コナミ アイデアはいろいろ出たんですよ。例えば「キャラクターを1人選ぶんじゃなくて、プレイヤーはクラスの先生になって、生徒みんなの経験値を貯めていく」とか。1つのカードで1人しかキャラを使えないというのはもったいないかなという発想ですね。ただ、『QMA』の場合はキャラクターごとに性能差があるわけではないので、使い分ける理由がないんですよ。そこがなかなかゲームに落とし込むのが難しくて不採用になりました。
――言われてみれば、自分も最初になんとなく選んだキャラをずっと使っています(笑)。
コナミ その分愛着がわくというのはありますけど、『QMA』独自のシステムですよね。

「知識がある人しか勝てない」という部分を
いかに打破するか

――先ほど「協力プレー」の話が出ましたが、『QMA』には様々なモードが追加されてきました。まず「協力プレー」モードの変遷について、あらためてお聞かせください。先ほどは直接のきっかけとして「PASELI」で遊べるモードというお話をお聞きしましたが、敵キャラが登場したりと、RPGのような世界観が一気に広がった気がしますね。

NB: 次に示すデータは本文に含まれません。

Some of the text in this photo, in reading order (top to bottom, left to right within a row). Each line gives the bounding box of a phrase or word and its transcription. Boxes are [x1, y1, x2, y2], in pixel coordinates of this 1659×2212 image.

コナミ もちろん魔法学校を舞台にしているので、RPGっぽい世界観ではあったんですが、『QMA5』の時にクイズ魔神が登場したあたりから、そういう要素が増えていきましたね。そのような世界観がベースにあったので、同時期のコンシューマー(DS版)でもアーケードでもそれぞれが活かす流れになって、ダンジョンを進んでいくという最初の「協力プレー」が生まれました。
――「協力プレー」は、それまでのオンラインでの対戦と、「検定試験」という1人プレーがメインだった『QMA』に、「仲間と協力して進めていく」という新しい遊び方を生み出しました。ソーシャルゲームやオンラインゲームの流行という背景もあると思いますが、このあたりの狙いはどうだったのでしょうか?

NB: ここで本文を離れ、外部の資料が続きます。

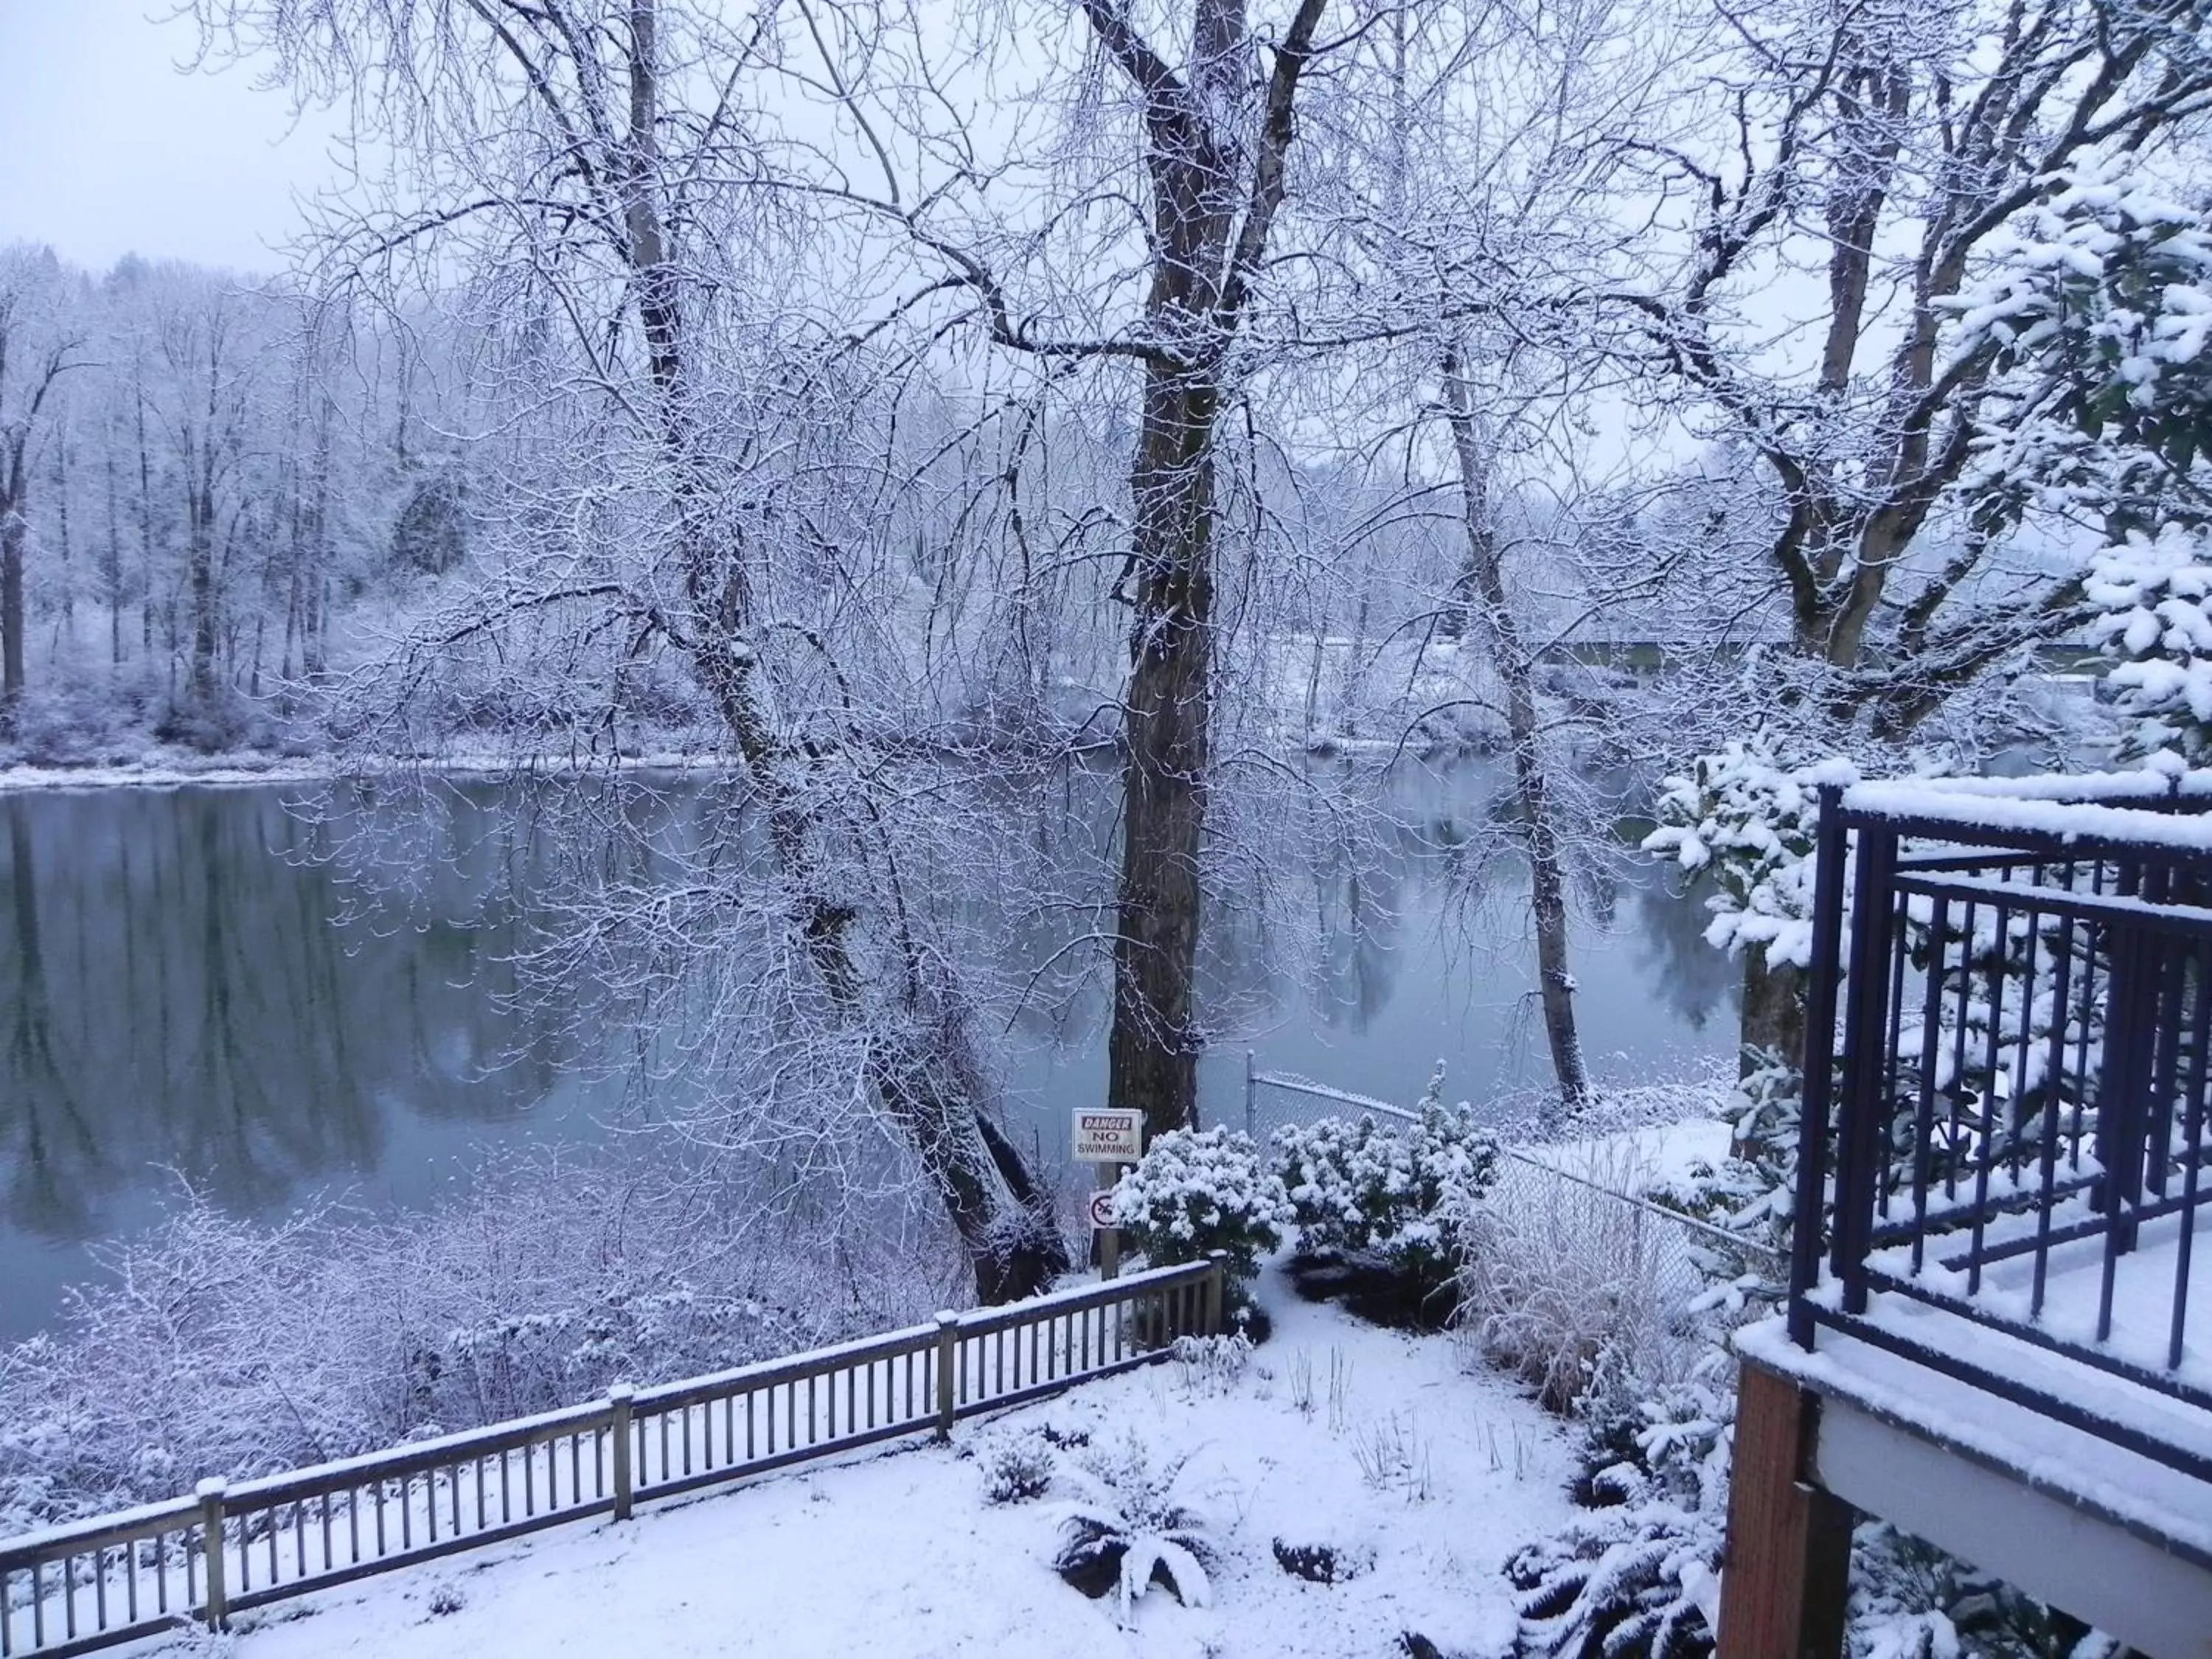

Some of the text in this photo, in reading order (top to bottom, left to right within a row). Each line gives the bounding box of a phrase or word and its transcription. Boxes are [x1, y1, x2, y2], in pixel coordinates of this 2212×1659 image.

[1085, 1118, 1130, 1129] DANGER
[1092, 1132, 1119, 1141] NO
[1077, 1144, 1135, 1154] SWIMMING

コナミ 当時の『QMA』としては、やっぱり「知識がある人しか勝てない」という部分を打破したいというのがありました。つまり、正解することがプレーヤー同士の戦いではなくて、他者と一緒に勝利を目指すことにつながる。そういう遊び方を目指しました。
――クイズを正解することで行動ゲージが溜まるというのが『QMA』ならではですよね。
コナミ それが一つの形になったのが『天の学舎』の期間限定イベント「邪神封印戦」ですね。「ゲージが溜まると行動が選択できる」「ダメージが蓄積すると部位が破壊される」というアイデアが、RPGが好きなスタッフから出ました。そこから次の「マジック☆コロシアム」(『暁の鐘』)で「ジョブ」が導入されて、さらに「グリムバスターズ」(『トーキョーグリモワール』)、「グリムバスターズEVO」(『THE WORLD EVOLVE』)へと進化しました。

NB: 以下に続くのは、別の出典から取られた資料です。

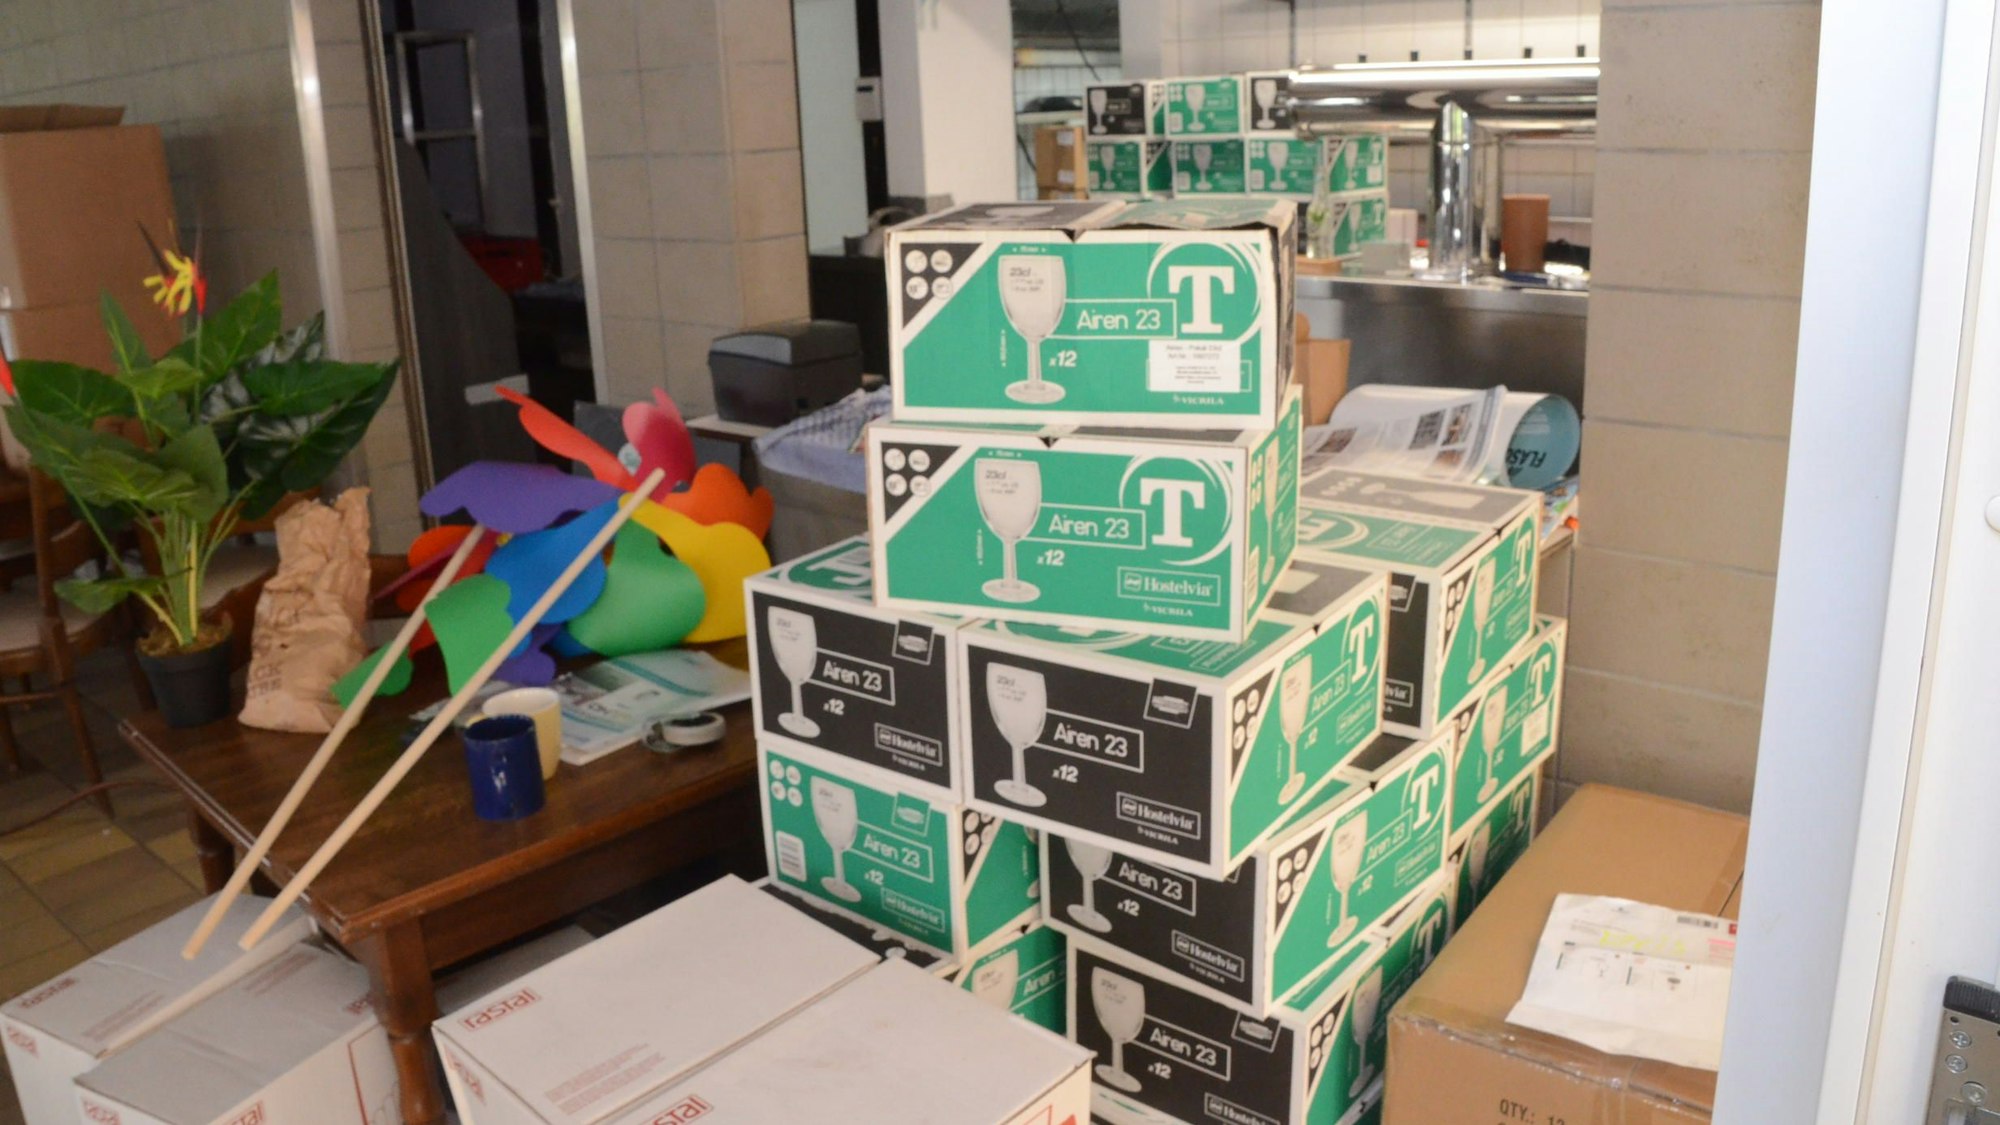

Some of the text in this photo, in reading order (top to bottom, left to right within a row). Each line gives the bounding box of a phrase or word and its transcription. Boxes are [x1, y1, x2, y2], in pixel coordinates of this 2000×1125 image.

[1168, 266, 1235, 334] T
[1077, 309, 1160, 330] Airen 23
[1049, 351, 1077, 368] x12
[1049, 515, 1130, 540] Airen 23
[1139, 478, 1205, 547] T
[1037, 550, 1065, 566] x12
[1144, 576, 1212, 597] Hostelvia
[1349, 613, 1374, 684] T
[823, 660, 882, 692] Airen 23
[1053, 723, 1128, 758] Airen 23
[1053, 765, 1079, 783] x12
[1411, 764, 1439, 830] T
[863, 833, 921, 869] Airen 23
[1118, 861, 1183, 901] Airen 23
[1118, 900, 1140, 917] x12
[464, 988, 537, 1030] rastal
[1150, 1027, 1217, 1067] Airen 23
[1148, 1062, 1171, 1079] x12

――クイズゲームでありながら単にクイズの得点を競うのではなく、「クイズに正解する」ということが別の何かのアクションになるというのが斬新ですよね。
コナミ そうですね。ただ、クイズに答えた後に何をするのかが煩雑だと、クイズの必要性が弱くなってしまいます。「邪神封印戦」みたいなコマンドバトルも「リコードアリーナ」もそのあたりのバランスが難しかったですね。クイズがなくても成立してしまってはダメですから。
――たしかに『MAXIVCORD』で導入された「リコードアリーナ」もそれまでの『QMA』とは全く違う「カードゲーム」という要素が斬新でした。ある種の中毒性があるモードで、かなりプレーさせていただきました。このモードはどういう狙いで作られたのでしょうか?
コナミ 元々は「キャラクターをうまく活用して、もう少し楽しんでいただきたいな」というところがスタートでした。これまでのイラストなどのビジュアル素材はいっぱいありますから、それらを使って「クイズ+カードバトル」の企画を立ててみようじゃないかと。でも、始めてみたら……大変でしたね。
――どういった部分で苦労されたんですか?
コナミ 一言で言うと、世の中にまだないゲームを作る大変さですかね。もちろん我々も面白いと思って作ってるんですが、「これは本当に面白いのか?」という正解を誰も持ってない状態で突き進まなきゃいけなかったので……。本当に紙でカードを作って、アナログテストプレイも相当やったんですよ。プレーされていて、特にどのあたりが面白かったですか?
――特にゲームバランスがいいんですよ。いろいろな相性があって、1つのデッキが覇権を取ることができないという絶妙のバランスで。その上で、クイズが正解できるかどうかでも、さらに変わってくるという。戦略としては3問全て正解する前提で組むんですけど、大事な局面に限ってクイズを間違えたりするので(笑)。先ほどのお話ともリンクしますが、クイズゲーム要素とカードゲーム要素のハイブリッドで、とても楽しいゲームになっていました。でも、『QMA』はシリーズを重ねるごとに選べるモードが増えていったので、開発の皆さんにかかる負担もどんどん増えていきますよね。第1作では対戦モードだけだったのが、「検定クイズ」や「協力プレー」が生まれて、さらに「リコードアリーナ」まで。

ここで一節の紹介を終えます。